What Are the FAST Act’s Tax Provisions?
Learn how the FAST Act's funding mechanisms introduced significant tax code changes affecting compliance for both individuals and business entities.
Learn how the FAST Act's funding mechanisms introduced significant tax code changes affecting compliance for both individuals and business entities.
The Fixing America’s Surface Transportation (FAST) Act was a legislative measure designed to provide long-term funding for the nation’s transportation infrastructure. Signed into law on December 4, 2015, it authorized $305 billion over five years for roads, bridges, and mass-transit systems. To help pay for these expenditures without raising fuel taxes, the act incorporated several revenue-generating provisions that introduced changes to the tax code, affecting individuals and businesses in specific circumstances.
A provision in the FAST Act, found in Internal Revenue Code Section 7345, grants the IRS authority to certify a “seriously delinquent tax debt” to the U.S. State Department. This certification directly impacts a person’s ability to travel internationally. The State Department generally will not issue a new passport to an individual with such a debt and holds the authority to revoke or limit an existing one.
To be classified as a “seriously delinquent tax debt,” the total unpaid federal tax liability must exceed a specific threshold. This figure, which includes tax, penalties, and interest, is adjusted annually for inflation and is $65,000 for 2025. The IRS must also have filed a Notice of Federal Tax Lien where the challenge period has expired, or the IRS must have issued a levy.
Before the IRS certifies the debt, the taxpayer has the right to administrative and judicial proceedings to challenge the underlying tax liability. The certification cannot occur while a collection due process hearing is pending or while a taxpayer is negotiating or adhering to certain resolution agreements.
Certain types of tax debt are explicitly excluded from this designation, even if they exceed the monetary threshold. A debt is not considered seriously delinquent if it is being paid under an installment agreement or an accepted Offer in Compromise (OIC). Debts are also excluded if a collection action is suspended because a taxpayer has requested innocent spouse relief under IRC Section 6015.
Once the IRS certifies a seriously delinquent tax debt, the taxpayer must take specific actions to have that certification reversed. The FAST Act requires the IRS to notify the State Department within 30 days of the debt being resolved, which removes the restriction on the taxpayer’s passport. The most direct method is to pay the tax debt in full, which prompts the IRS to issue a decertification notice.
Entering into a formal, approved Installment Agreement with the IRS is another path to reversal. The IRS will notify the State Department that the certification should be reversed even though the debt is not yet fully paid. An Offer in Compromise (OIC) that has been accepted by the IRS also serves to reverse the certification. Similarly, if a taxpayer is granted innocent spouse relief, the associated debt is removed from the seriously delinquent category, triggering a reversal.
The FAST Act implemented changes to the filing deadlines for several business tax returns to create a more logical flow of information. The adjustments were intended to ensure that owners of pass-through entities receive their necessary tax documents, such as the Schedule K-1, before their individual income tax return filing deadline. This helps prevent the need for filing extensions.

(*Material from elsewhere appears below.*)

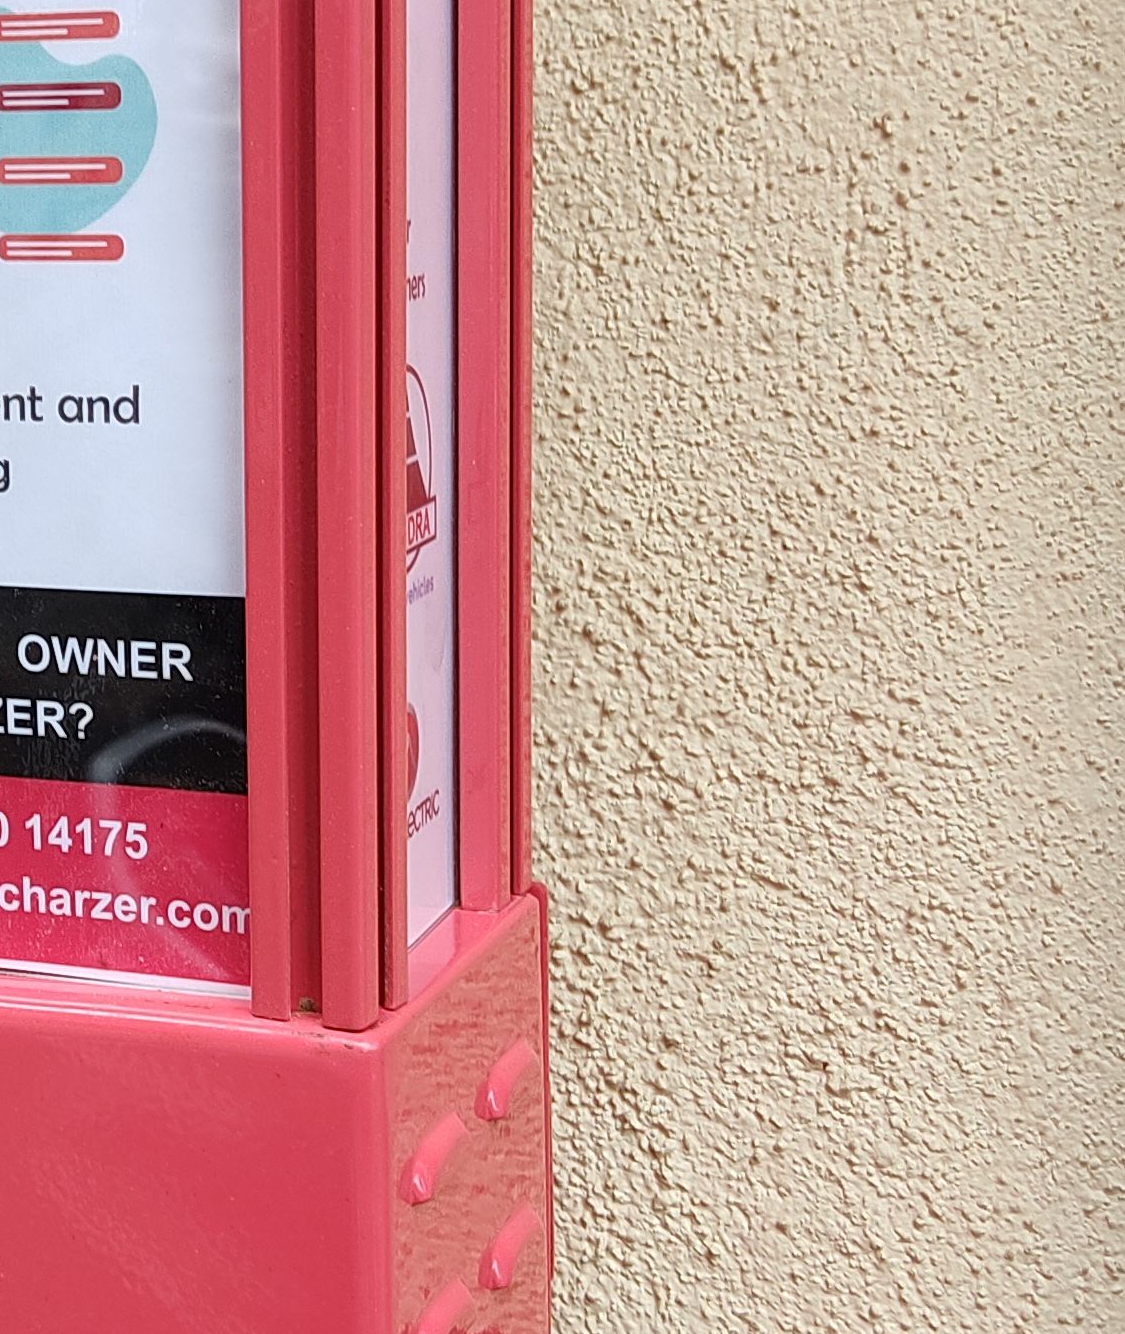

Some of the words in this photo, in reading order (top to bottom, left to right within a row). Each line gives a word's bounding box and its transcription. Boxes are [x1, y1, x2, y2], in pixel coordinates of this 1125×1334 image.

[57, 386, 140, 425] and
[17, 634, 193, 682] OWNER
[24, 814, 148, 860] 14175

For partnerships filing Form 1065, the due date was moved forward by one month. The new deadline is March 15 for calendar-year partnerships, changed from the previous date of April 15. This earlier deadline gives partners the necessary information from their Schedule K-1s, which report their share of the partnership’s income, deductions, and credits, well in advance of the individual Form 1040 deadline.
Conversely, the due date for C-corporations filing Form 1120 was shifted. For C-corporations with a calendar year-end, the original due date was March 15. The FAST Act moved this deadline to April 15. This change aligns the corporate filing deadline with the traditional individual tax deadline, providing corporations with an additional month to finalize their financial statements and prepare their tax returns.
The FAST Act authorizes the IRS to use private debt collection agencies to pursue certain inactive tax debts. This applies to debts the IRS is no longer actively trying to collect due to a lack of resources or other factors. The private collection agencies work on behalf of the IRS but do not have the same enforcement authority, such as issuing levies or liens.
Another provision extended the statute of limitations for assessment in specific international reporting situations. Taxpayers who fail to file certain information returns related to foreign assets, such as Form 3520 or Form 3520-A, may face an indefinite period for the IRS to assess tax. The statute of limitations for the taxpayer’s entire income tax return for that year will not expire until three years after the required international information return is filed.